Source material =>
■ ■ ■

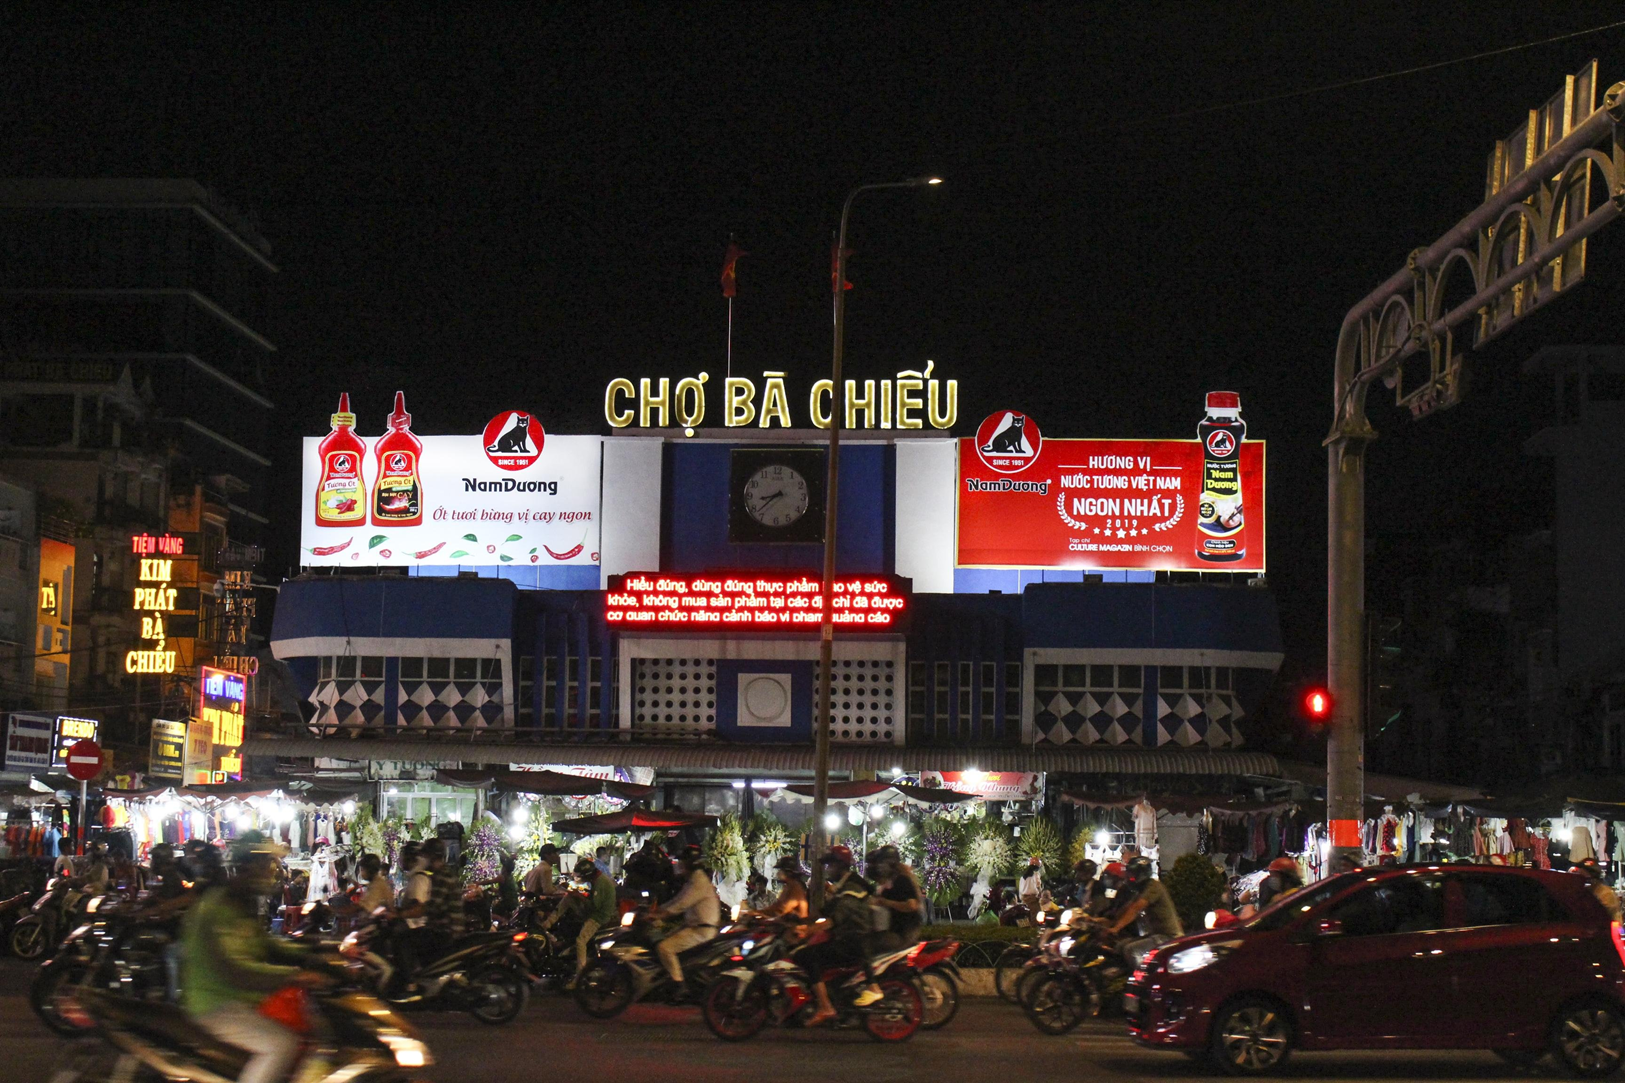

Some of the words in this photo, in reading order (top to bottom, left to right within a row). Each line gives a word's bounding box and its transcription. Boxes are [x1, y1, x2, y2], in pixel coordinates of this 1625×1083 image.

[604, 371, 709, 438] CHỢ
[773, 466, 783, 475] 12
[1089, 455, 1134, 469] HƯƠNG
[1137, 456, 1151, 472] VỊ
[1060, 472, 1091, 489] NƯỚC
[1092, 474, 1129, 489] TƯƠNG
[1130, 473, 1155, 492] VIỆT
[1156, 476, 1181, 490] NAM
[1210, 469, 1234, 479] Nam
[397, 491, 414, 499] CAY
[1073, 497, 1120, 516] NGON
[1123, 493, 1172, 517] NHẤT
[451, 508, 477, 521] tươi
[480, 508, 514, 524] bừng
[517, 508, 530, 524] vị
[532, 511, 556, 524] cay
[558, 510, 592, 524] ngon
[132, 533, 156, 557] TIỆM
[158, 533, 184, 555] VÀNG
[1068, 543, 1098, 551] CULTURE
[1099, 544, 1133, 552] MAGAZIN
[1133, 543, 1150, 552] BÌNH
[1150, 545, 1173, 553] CHỌN
[139, 558, 173, 581] KIM
[626, 576, 654, 591] Hiểu
[656, 579, 689, 594] đúng,
[692, 580, 721, 594] dùng
[724, 580, 754, 594] đúng
[756, 580, 784, 594] thực
[847, 580, 862, 594] vệ
[864, 581, 888, 593] sức
[133, 582, 178, 611] PHÁT
[643, 595, 679, 608] không
[681, 597, 707, 606] mua
[709, 594, 732, 607] sản
[734, 593, 767, 609] phẩm
[770, 595, 785, 609] tại
[787, 595, 809, 607] các
[871, 596, 904, 610] được
[607, 611, 623, 621] cơ
[658, 609, 688, 621] chức
[722, 608, 752, 621] cảnh
[754, 610, 777, 622] báo
[867, 611, 890, 623] cáo
[141, 611, 165, 640] BÀ
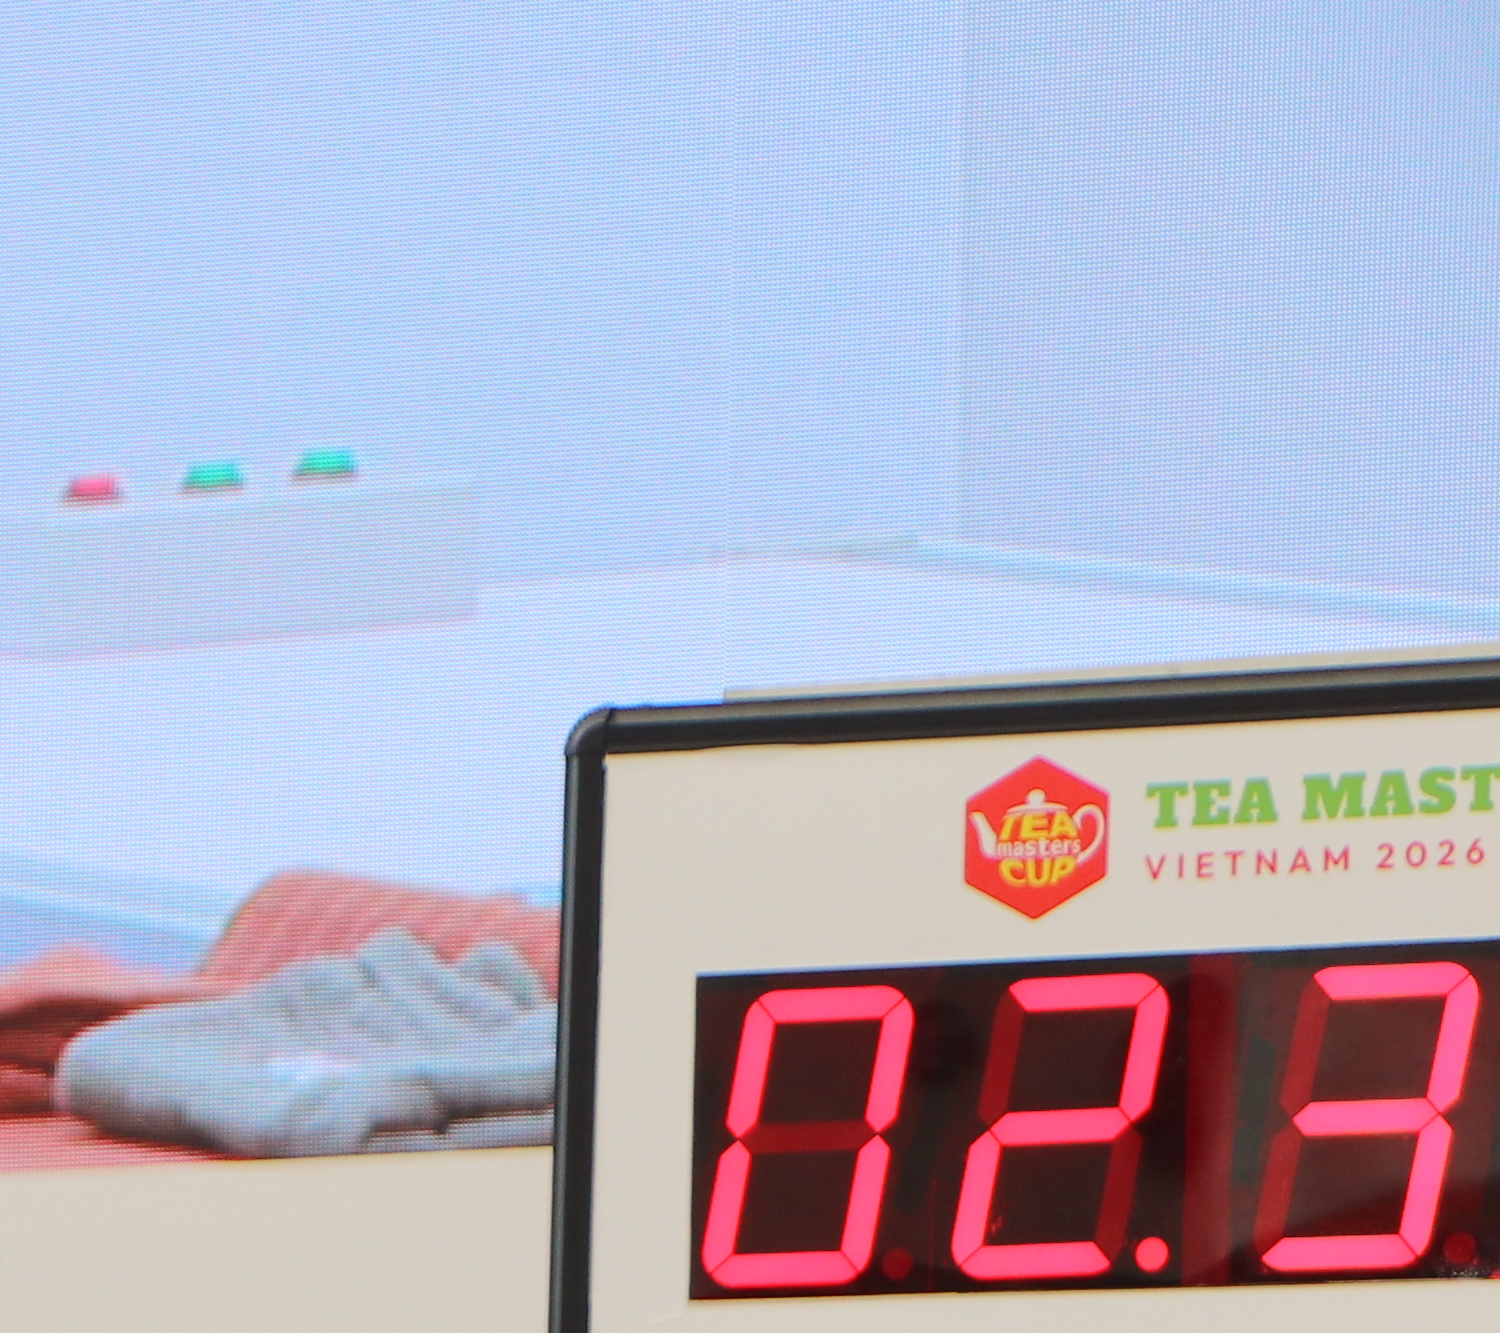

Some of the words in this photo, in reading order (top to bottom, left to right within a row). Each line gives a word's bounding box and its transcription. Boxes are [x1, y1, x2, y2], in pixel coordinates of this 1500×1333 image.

[1146, 776, 1279, 829] TEA
[1001, 811, 1080, 842] TEA
[998, 837, 1082, 857] masters
[1145, 845, 1352, 880] VIETNAM
[1376, 838, 1486, 870] 2026
[999, 854, 1078, 888] CUP

■ ■ ■

What needs to be done => Apart from the pictures, all of the data should be repeated exactly.

Task output =>
Some of the words in this photo, in reading order (top to bottom, left to right within a row). Each line gives a word's bounding box and its transcription. Boxes are [x1, y1, x2, y2], in pixel coordinates of this 1625×1083 image.

[604, 371, 709, 438] CHỢ
[773, 466, 783, 475] 12
[1089, 455, 1134, 469] HƯƠNG
[1137, 456, 1151, 472] VỊ
[1060, 472, 1091, 489] NƯỚC
[1092, 474, 1129, 489] TƯƠNG
[1130, 473, 1155, 492] VIỆT
[1156, 476, 1181, 490] NAM
[1210, 469, 1234, 479] Nam
[397, 491, 414, 499] CAY
[1073, 497, 1120, 516] NGON
[1123, 493, 1172, 517] NHẤT
[451, 508, 477, 521] tươi
[480, 508, 514, 524] bừng
[517, 508, 530, 524] vị
[532, 511, 556, 524] cay
[558, 510, 592, 524] ngon
[132, 533, 156, 557] TIỆM
[158, 533, 184, 555] VÀNG
[1068, 543, 1098, 551] CULTURE
[1099, 544, 1133, 552] MAGAZIN
[1133, 543, 1150, 552] BÌNH
[1150, 545, 1173, 553] CHỌN
[139, 558, 173, 581] KIM
[626, 576, 654, 591] Hiểu
[656, 579, 689, 594] đúng,
[692, 580, 721, 594] dùng
[724, 580, 754, 594] đúng
[756, 580, 784, 594] thực
[847, 580, 862, 594] vệ
[864, 581, 888, 593] sức
[133, 582, 178, 611] PHÁT
[643, 595, 679, 608] không
[681, 597, 707, 606] mua
[709, 594, 732, 607] sản
[734, 593, 767, 609] phẩm
[770, 595, 785, 609] tại
[787, 595, 809, 607] các
[871, 596, 904, 610] được
[607, 611, 623, 621] cơ
[658, 609, 688, 621] chức
[722, 608, 752, 621] cảnh
[754, 610, 777, 622] báo
[867, 611, 890, 623] cáo
[141, 611, 165, 640] BÀ

Some of the words in this photo, in reading order (top to bottom, left to right within a row). Each line gives a word's bounding box and its transcription. Boxes are [x1, y1, x2, y2], in pixel coordinates of this 1500×1333 image.

[1146, 776, 1279, 829] TEA
[1001, 811, 1080, 842] TEA
[998, 837, 1082, 857] masters
[1145, 845, 1352, 880] VIETNAM
[1376, 838, 1486, 870] 2026
[999, 854, 1078, 888] CUP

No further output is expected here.